AIM OF THE TASK: Your task is to return all of the entries below exactly, leaving out each picture.

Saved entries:
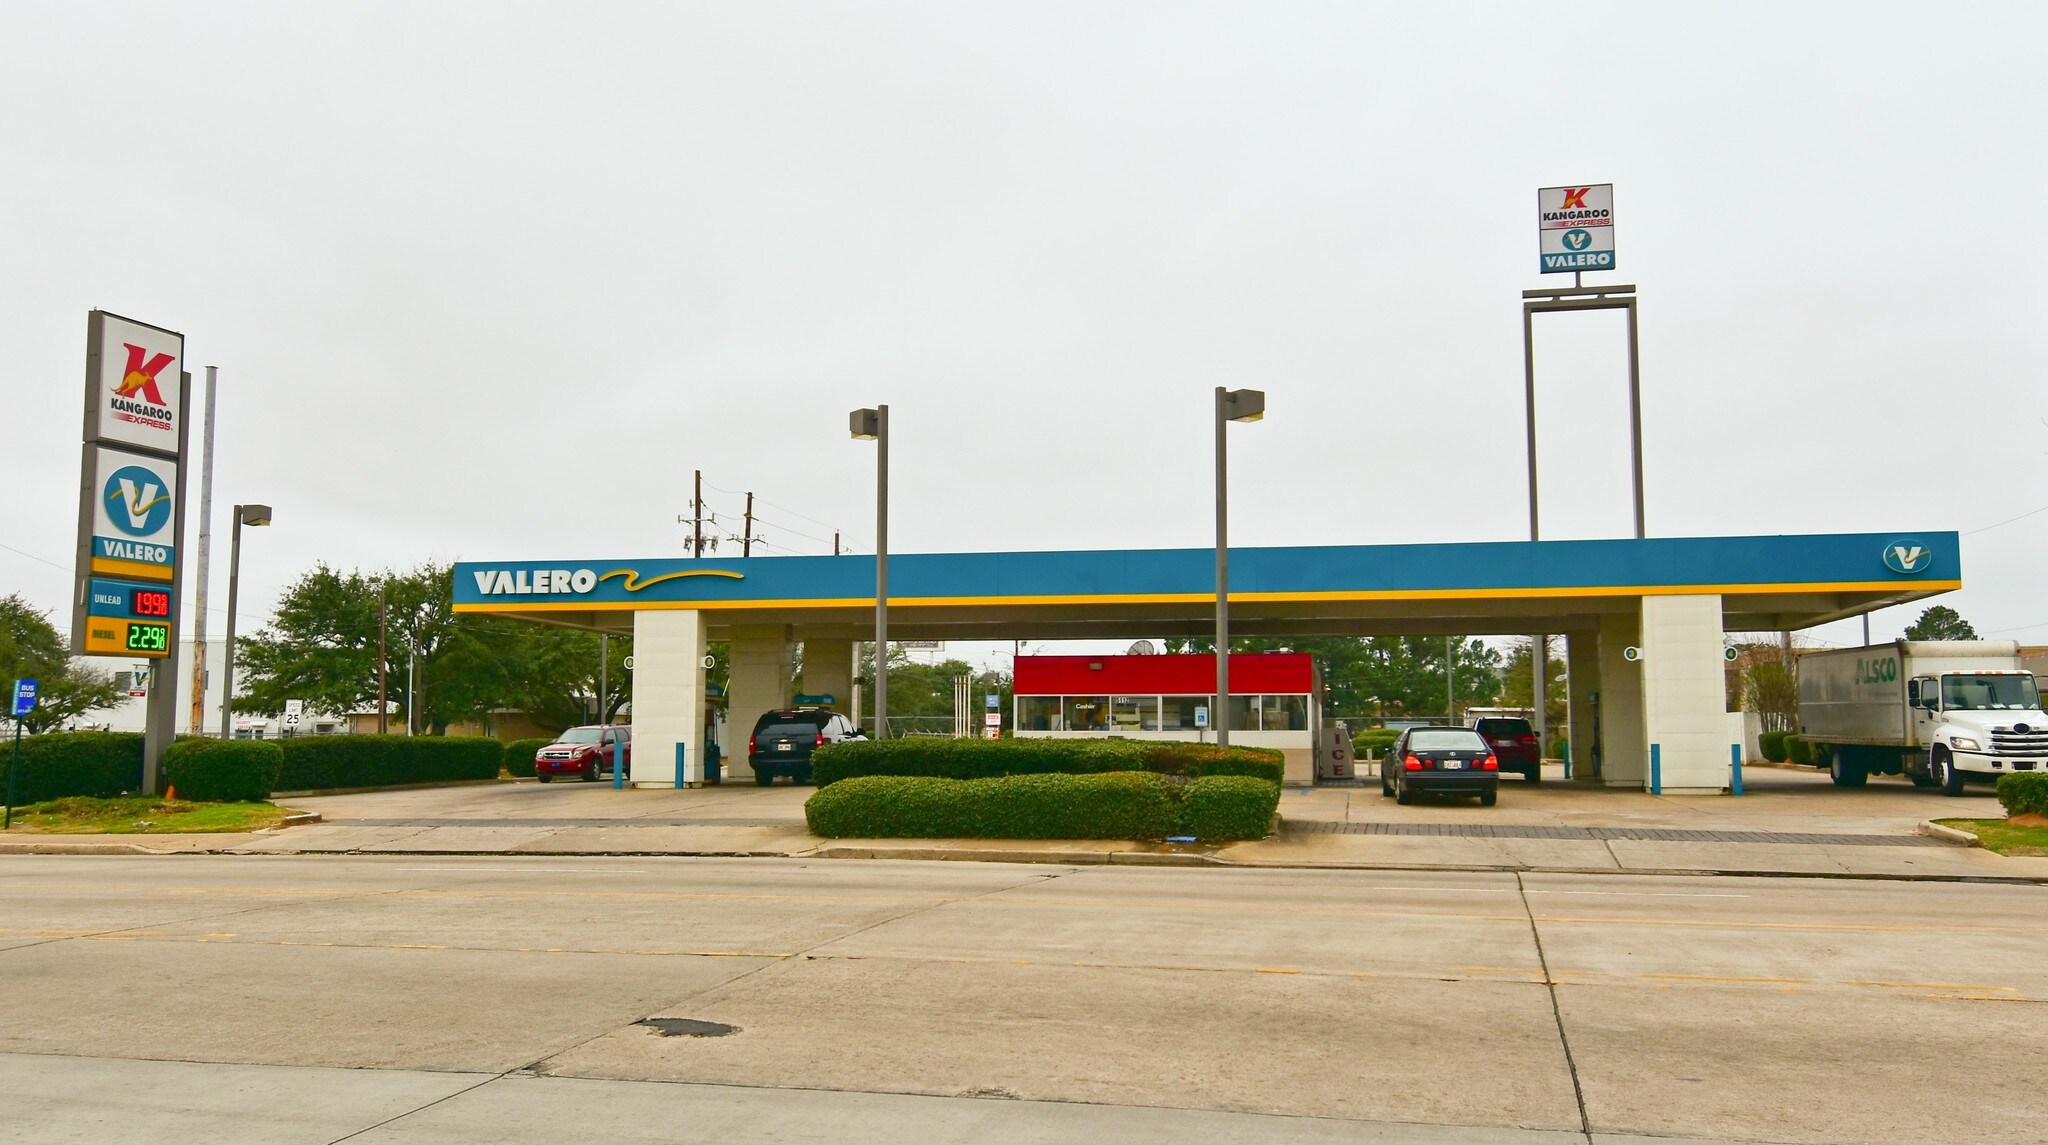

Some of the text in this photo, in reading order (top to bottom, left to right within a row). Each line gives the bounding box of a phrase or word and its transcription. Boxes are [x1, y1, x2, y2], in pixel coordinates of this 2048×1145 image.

[1561, 187, 1591, 209] K
[1543, 209, 1609, 221] KANGAROO
[1564, 218, 1610, 227] EXPRESS
[1568, 233, 1586, 249] V
[1545, 253, 1610, 267] VALERO
[115, 342, 175, 407] K
[111, 398, 172, 421] KANGAROO
[128, 414, 171, 431] EXPRESS
[118, 477, 159, 529] V
[103, 540, 167, 563] VALERO
[1894, 546, 1921, 569] V
[474, 569, 598, 594] VALERO
[94, 594, 121, 605] UNLEAD
[92, 629, 116, 640] DIESEL
[1629, 649, 1635, 657] 3
[1855, 656, 1897, 685] ALSCO
[286, 714, 299, 724] 25
[1332, 733, 1345, 776] ICE
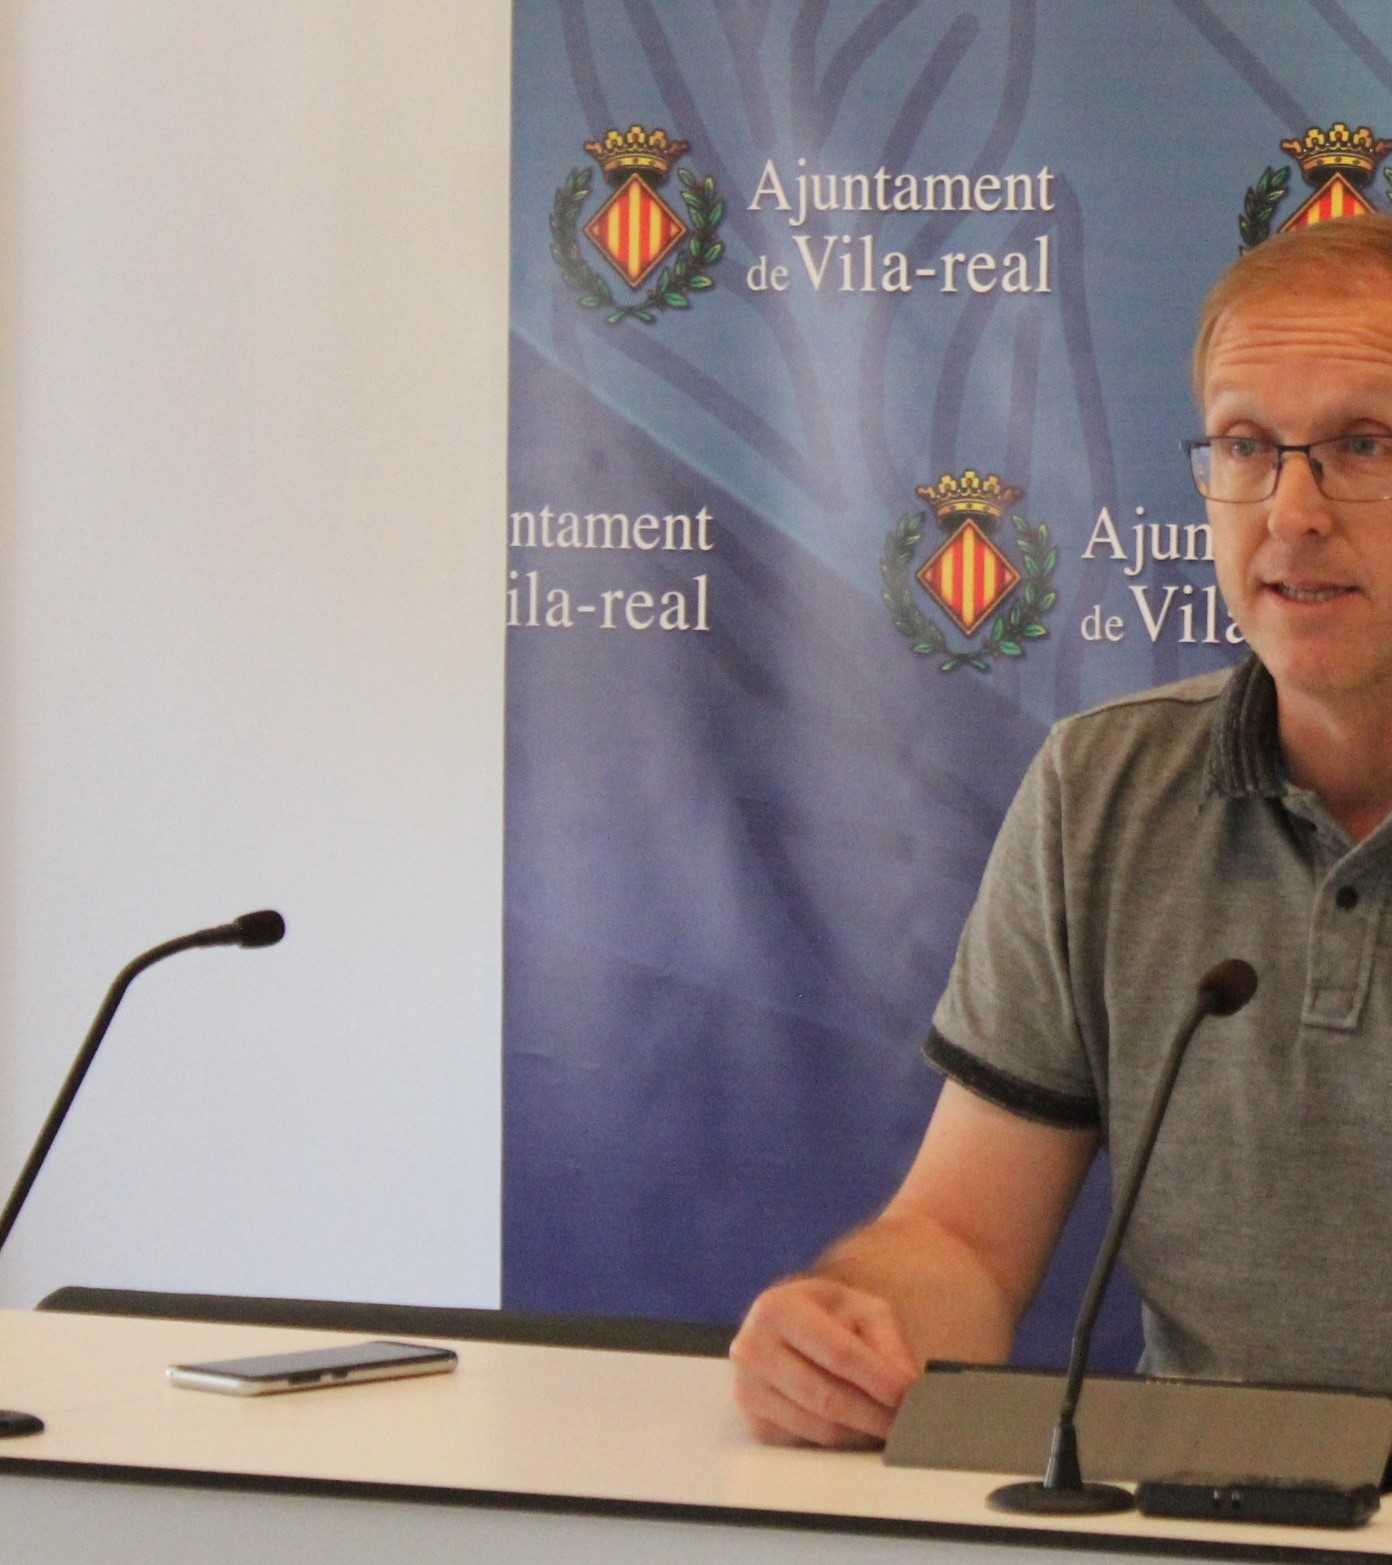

WRITTEN RESPONSE:
Some of the text in this photo, in reading order (top to bottom, left to right within a row). Each line gives the bounding box of a phrase or word and its transcription. Boxes are [x1, y1, x2, y2], in pixel coordinates of this 2048×1145 image.

[1561, 187, 1591, 209] K
[1543, 209, 1609, 221] KANGAROO
[1564, 218, 1610, 227] EXPRESS
[1568, 233, 1586, 249] V
[1545, 253, 1610, 267] VALERO
[115, 342, 175, 407] K
[111, 398, 172, 421] KANGAROO
[128, 414, 171, 431] EXPRESS
[118, 477, 159, 529] V
[103, 540, 167, 563] VALERO
[1894, 546, 1921, 569] V
[474, 569, 598, 594] VALERO
[94, 594, 121, 605] UNLEAD
[92, 629, 116, 640] DIESEL
[1629, 649, 1635, 657] 3
[1855, 656, 1897, 685] ALSCO
[286, 714, 299, 724] 25
[1332, 733, 1345, 776] ICE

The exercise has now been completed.